Task requirements: All entries need to be written out verbatim, with pictures omitted.

Data:
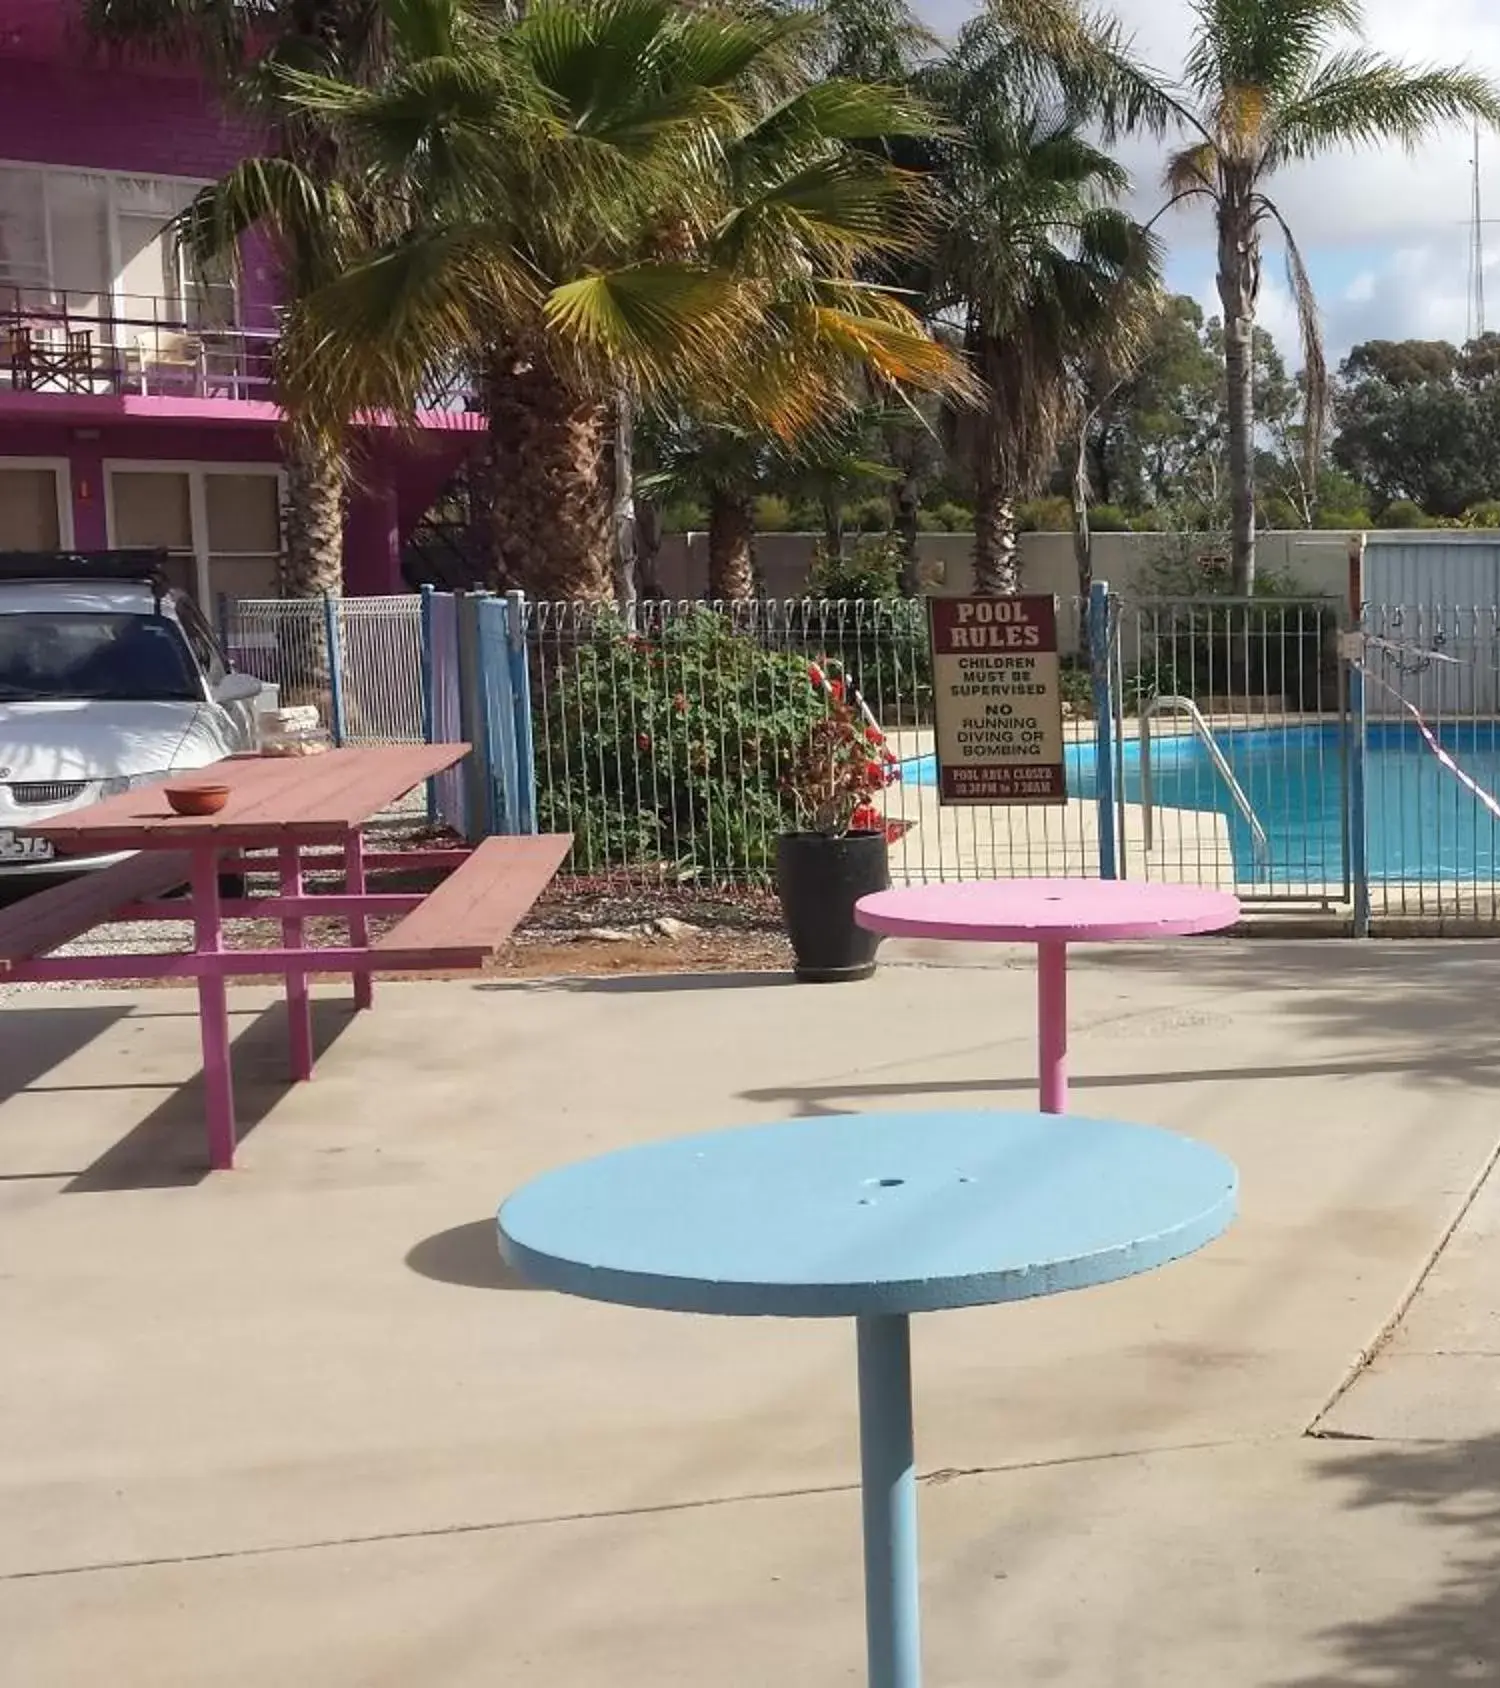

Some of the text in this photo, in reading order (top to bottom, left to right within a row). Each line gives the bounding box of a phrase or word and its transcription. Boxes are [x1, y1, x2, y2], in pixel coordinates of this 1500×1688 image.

[957, 602, 1029, 623] POOL
[950, 625, 1040, 647] RULES
[959, 657, 1035, 669] CHILDREN
[963, 671, 1031, 682] MUST BE
[951, 684, 1046, 696] SUPERVISED
[985, 704, 1012, 715] NO
[963, 718, 1037, 730] RUNNING
[958, 731, 1044, 743] DIVING OR
[963, 744, 1040, 757] BOMBING

Solved problem:
Some of the text in this photo, in reading order (top to bottom, left to right within a row). Each line gives the bounding box of a phrase or word and its transcription. Boxes are [x1, y1, x2, y2], in pixel coordinates of this 1500×1688 image.

[957, 602, 1029, 623] POOL
[950, 625, 1040, 647] RULES
[959, 657, 1035, 669] CHILDREN
[963, 671, 1031, 682] MUST BE
[951, 684, 1046, 696] SUPERVISED
[985, 704, 1012, 715] NO
[963, 718, 1037, 730] RUNNING
[958, 731, 1044, 743] DIVING OR
[963, 744, 1040, 757] BOMBING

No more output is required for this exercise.